→ TASK ITEM: In the records below, find the line with "this 1331×2000 image."; retype that line and all the following lines through the end, exactly, and add nothing.

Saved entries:
★ ★ ★
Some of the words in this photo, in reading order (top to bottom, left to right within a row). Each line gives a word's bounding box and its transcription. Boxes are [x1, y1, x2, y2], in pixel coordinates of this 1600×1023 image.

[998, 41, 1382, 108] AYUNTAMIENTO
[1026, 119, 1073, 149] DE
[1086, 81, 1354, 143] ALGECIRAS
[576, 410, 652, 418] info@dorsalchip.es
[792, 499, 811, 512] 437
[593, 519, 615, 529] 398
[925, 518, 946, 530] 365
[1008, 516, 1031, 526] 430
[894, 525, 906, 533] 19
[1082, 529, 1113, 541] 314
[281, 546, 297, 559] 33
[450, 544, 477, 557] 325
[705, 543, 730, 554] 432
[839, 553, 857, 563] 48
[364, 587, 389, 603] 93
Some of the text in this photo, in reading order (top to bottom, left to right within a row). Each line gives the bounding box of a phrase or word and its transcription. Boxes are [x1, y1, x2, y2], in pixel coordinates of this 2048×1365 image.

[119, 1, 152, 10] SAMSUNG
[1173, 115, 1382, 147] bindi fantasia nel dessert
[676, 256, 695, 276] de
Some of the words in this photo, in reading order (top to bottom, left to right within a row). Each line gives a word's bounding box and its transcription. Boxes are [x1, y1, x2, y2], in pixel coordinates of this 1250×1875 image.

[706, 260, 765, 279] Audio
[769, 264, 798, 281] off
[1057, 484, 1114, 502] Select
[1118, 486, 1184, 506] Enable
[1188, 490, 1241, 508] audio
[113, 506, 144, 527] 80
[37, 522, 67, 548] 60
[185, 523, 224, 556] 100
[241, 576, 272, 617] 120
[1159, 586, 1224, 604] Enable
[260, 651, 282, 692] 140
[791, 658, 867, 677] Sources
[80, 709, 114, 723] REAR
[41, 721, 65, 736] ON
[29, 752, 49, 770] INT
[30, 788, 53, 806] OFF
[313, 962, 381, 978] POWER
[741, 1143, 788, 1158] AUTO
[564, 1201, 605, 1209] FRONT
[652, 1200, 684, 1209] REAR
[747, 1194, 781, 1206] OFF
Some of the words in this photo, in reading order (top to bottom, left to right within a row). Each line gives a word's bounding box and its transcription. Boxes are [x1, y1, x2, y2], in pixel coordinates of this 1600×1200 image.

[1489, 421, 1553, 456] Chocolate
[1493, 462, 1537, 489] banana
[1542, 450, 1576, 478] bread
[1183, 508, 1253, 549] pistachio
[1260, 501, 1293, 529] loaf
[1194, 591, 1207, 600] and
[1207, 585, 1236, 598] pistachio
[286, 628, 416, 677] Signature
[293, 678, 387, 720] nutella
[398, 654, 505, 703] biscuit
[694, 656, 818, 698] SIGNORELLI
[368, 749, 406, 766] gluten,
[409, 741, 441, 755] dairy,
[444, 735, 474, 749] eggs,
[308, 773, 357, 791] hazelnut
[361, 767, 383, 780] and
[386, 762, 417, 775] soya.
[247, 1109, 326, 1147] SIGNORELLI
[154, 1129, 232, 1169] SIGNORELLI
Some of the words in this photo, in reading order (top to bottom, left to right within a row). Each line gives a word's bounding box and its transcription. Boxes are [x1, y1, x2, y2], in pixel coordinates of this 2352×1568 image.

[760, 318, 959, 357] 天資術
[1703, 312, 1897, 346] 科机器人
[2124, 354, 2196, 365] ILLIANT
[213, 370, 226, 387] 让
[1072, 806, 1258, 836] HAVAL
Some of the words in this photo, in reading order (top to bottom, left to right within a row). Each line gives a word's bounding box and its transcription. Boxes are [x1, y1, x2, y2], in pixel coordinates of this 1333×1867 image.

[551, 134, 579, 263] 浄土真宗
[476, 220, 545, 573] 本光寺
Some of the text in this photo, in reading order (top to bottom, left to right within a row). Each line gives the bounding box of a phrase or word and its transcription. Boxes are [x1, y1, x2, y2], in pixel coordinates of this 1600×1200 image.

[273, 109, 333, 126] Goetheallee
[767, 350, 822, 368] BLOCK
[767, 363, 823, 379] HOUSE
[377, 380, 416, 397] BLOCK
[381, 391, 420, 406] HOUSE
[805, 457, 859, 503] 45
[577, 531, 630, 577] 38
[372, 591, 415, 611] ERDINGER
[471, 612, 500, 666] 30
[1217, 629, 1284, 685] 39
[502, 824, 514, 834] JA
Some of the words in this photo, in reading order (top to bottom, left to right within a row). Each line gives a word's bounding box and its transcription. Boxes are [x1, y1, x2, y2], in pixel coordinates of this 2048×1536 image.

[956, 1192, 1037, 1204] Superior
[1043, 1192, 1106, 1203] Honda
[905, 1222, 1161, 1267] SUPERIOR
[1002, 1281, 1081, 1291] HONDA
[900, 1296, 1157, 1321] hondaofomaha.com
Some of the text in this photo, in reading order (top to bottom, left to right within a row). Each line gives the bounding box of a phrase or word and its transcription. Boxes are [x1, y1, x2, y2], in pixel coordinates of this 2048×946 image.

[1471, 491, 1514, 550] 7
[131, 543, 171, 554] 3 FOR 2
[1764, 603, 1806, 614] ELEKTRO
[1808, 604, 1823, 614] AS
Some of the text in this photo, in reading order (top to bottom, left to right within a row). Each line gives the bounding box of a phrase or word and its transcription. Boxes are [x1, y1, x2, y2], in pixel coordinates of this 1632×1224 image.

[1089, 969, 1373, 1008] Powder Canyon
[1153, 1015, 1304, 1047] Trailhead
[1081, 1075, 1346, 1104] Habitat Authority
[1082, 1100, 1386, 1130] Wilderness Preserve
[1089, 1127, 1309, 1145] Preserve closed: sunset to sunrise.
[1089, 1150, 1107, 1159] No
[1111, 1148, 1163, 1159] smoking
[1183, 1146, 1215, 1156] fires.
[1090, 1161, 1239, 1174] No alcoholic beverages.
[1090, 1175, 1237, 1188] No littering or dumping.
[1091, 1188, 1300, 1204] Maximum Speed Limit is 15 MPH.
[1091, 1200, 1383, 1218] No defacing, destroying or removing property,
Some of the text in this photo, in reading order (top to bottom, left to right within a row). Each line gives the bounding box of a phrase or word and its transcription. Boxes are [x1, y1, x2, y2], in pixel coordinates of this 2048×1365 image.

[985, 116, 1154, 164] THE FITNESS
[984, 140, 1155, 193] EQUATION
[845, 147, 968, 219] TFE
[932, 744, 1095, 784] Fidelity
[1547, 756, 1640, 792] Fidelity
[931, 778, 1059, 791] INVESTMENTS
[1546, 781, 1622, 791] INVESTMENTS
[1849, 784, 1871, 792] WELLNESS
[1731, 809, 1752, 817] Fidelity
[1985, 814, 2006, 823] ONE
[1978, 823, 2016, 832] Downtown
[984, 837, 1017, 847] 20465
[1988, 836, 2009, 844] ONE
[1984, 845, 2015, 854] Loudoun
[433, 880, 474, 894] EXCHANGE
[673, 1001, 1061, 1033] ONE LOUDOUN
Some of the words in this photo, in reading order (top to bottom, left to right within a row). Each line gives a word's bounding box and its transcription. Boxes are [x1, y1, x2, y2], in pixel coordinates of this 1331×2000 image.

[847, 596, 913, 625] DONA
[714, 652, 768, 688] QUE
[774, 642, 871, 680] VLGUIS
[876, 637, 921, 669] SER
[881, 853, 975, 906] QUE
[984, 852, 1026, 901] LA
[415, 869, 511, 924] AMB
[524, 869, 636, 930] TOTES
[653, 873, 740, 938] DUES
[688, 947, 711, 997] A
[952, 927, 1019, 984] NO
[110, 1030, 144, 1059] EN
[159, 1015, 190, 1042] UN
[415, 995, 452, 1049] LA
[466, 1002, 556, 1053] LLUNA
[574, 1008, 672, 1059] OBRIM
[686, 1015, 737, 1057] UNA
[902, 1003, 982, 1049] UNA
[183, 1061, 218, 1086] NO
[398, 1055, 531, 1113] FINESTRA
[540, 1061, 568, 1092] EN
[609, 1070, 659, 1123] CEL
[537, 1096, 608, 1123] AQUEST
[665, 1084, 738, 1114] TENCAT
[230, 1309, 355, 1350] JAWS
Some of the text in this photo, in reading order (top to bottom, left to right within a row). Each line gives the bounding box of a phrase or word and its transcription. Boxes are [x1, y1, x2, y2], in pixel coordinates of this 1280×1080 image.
★ ★ ★
→ WRITTEN RESPONSE:
Some of the words in this photo, in reading order (top to bottom, left to right within a row). Each line gives a word's bounding box and its transcription. Boxes are [x1, y1, x2, y2], in pixel coordinates of this 1331×2000 image.

[847, 596, 913, 625] DONA
[714, 652, 768, 688] QUE
[774, 642, 871, 680] VLGUIS
[876, 637, 921, 669] SER
[881, 853, 975, 906] QUE
[984, 852, 1026, 901] LA
[415, 869, 511, 924] AMB
[524, 869, 636, 930] TOTES
[653, 873, 740, 938] DUES
[688, 947, 711, 997] A
[952, 927, 1019, 984] NO
[110, 1030, 144, 1059] EN
[159, 1015, 190, 1042] UN
[415, 995, 452, 1049] LA
[466, 1002, 556, 1053] LLUNA
[574, 1008, 672, 1059] OBRIM
[686, 1015, 737, 1057] UNA
[902, 1003, 982, 1049] UNA
[183, 1061, 218, 1086] NO
[398, 1055, 531, 1113] FINESTRA
[540, 1061, 568, 1092] EN
[609, 1070, 659, 1123] CEL
[537, 1096, 608, 1123] AQUEST
[665, 1084, 738, 1114] TENCAT
[230, 1309, 355, 1350] JAWS
Some of the text in this photo, in reading order (top to bottom, left to right within a row). Each line gives the bounding box of a phrase or word and its transcription. Boxes are [x1, y1, x2, y2], in pixel coordinates of this 1280×1080 image.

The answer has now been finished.